COLOMBO/JEDDAH, 9 September 2005 — A woman passenger was killed and dozens were injured yesterday following a stampede on board a Jeddah-bound Saudi Arabian Airlines jumbo jet after a bomb scare. The bomb alert proved a hoax.
Saudi Arabian Airlines said in a statement that the pilot of Boeing 747-300 Flight SV781 from Colombo to Jeddah via Riyadh received a call from the control tower at 10 a.m. while taxiing for takeoff that there was a bomb on the plane.
He immediately decided to evacuate the plane that carried 424 passengers and 19 crewmembers.
The tower and airport authorities directed the pilot to take the plane to a secluded area of the airport and evacuate the plane. The captain then ordered the opening of the emergency exits and rolling out of the slides.
The Sri Lankan woman who died was wearing an abaya. She hit her head on the tarmac after sliding down the escape chute, said D. Atthanayake, airport duty manager, citing preliminary inquiries. “It was a chaotic situation,” he added.
“Only tomorrow morning we will be doing the post-mortem,” said Dr. SC Wickramasinghe, who runs Negombo Hospital north of the capital where four other injured were being treated.
At least 19 people were admitted to nearby hospitals while 75 others suffered bruises and other minor injuries, according to air force spokesman Ajantha de Silva.
Police said bomb squad officers were checking the plane, but had found nothing and believed the bomb alert was a hoax. Security authorities at the airport said they were trying to trace the caller.
The stranded passengers were put up in hotels near the Colombo airport. They will be brought to the Kingdom in an alternative plane. A Saudia source told Arab News that the alternative plane departed from Jeddah at 4 p.m. (Saudi time). An airline official at the Colombo International Airport told Arab News that the alternative flight would leave Colombo at 4 a.m. (Sri Lanka time) today, and would arrive in Riyadh at 6 a.m. and at Jeddah at 8.15 a.m.
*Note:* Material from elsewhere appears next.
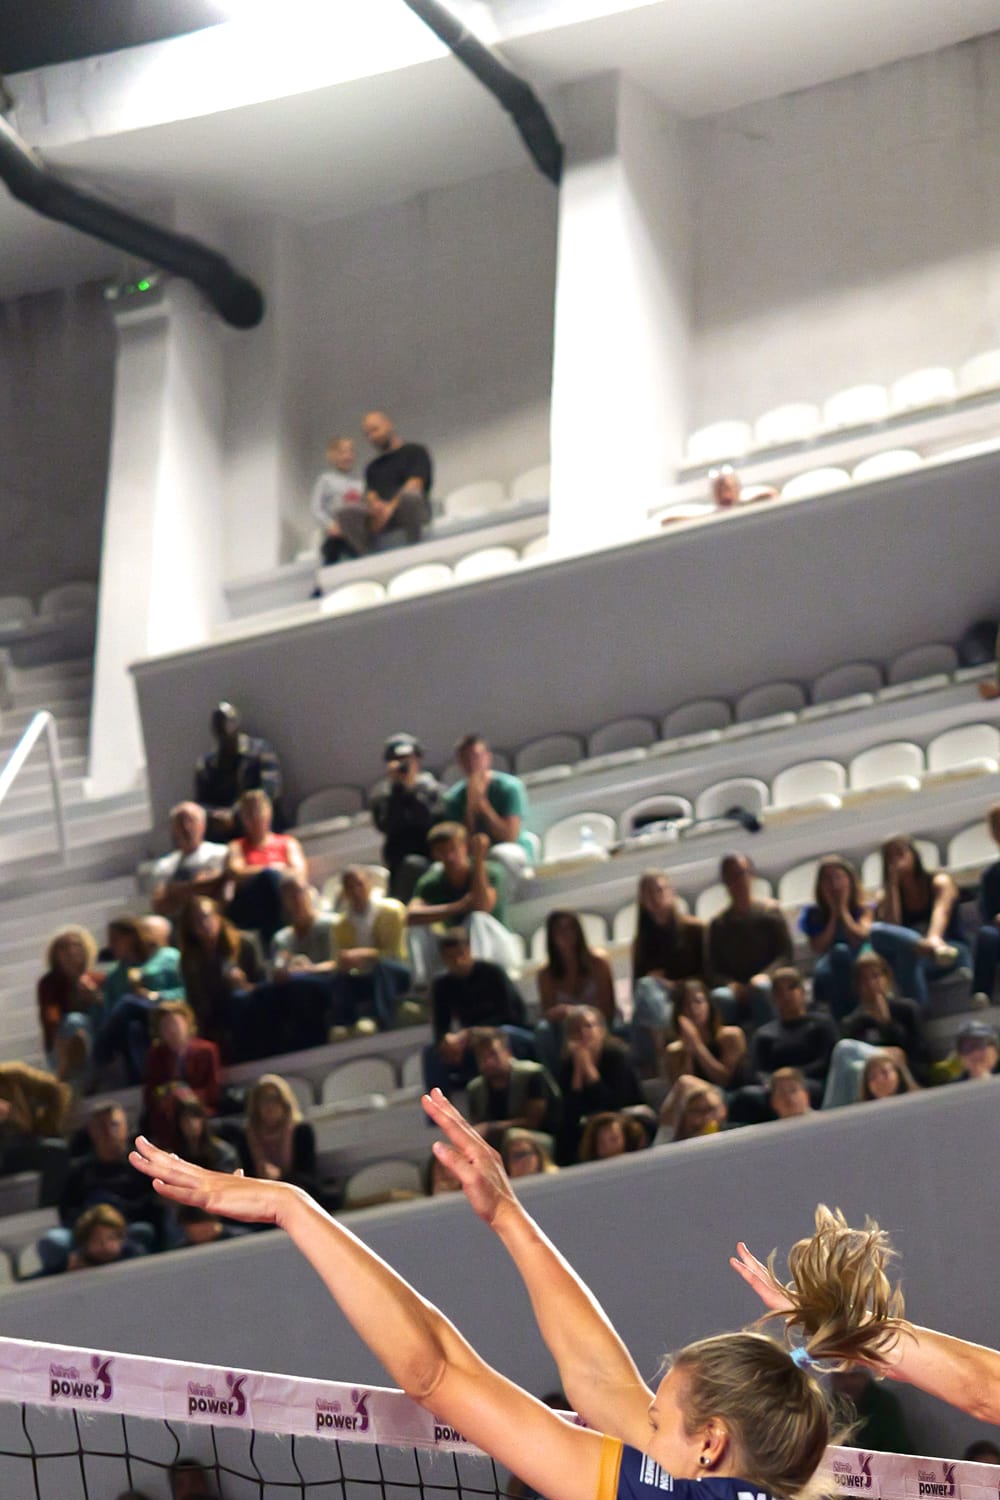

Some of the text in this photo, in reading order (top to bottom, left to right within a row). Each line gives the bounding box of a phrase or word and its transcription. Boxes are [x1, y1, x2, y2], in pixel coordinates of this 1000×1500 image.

The incident came a day after peace broker Norway announced it had suggested the airport, named after President Chandrika Kumaratunga’s late father and former Prime Minister Solomon Bandaranaike, as a neutral venue for talks with Tamil Tiger rebels. The Liberation Tigers of Tamil Eelam rejected the site in a statement issued to the media after the bomb hoax.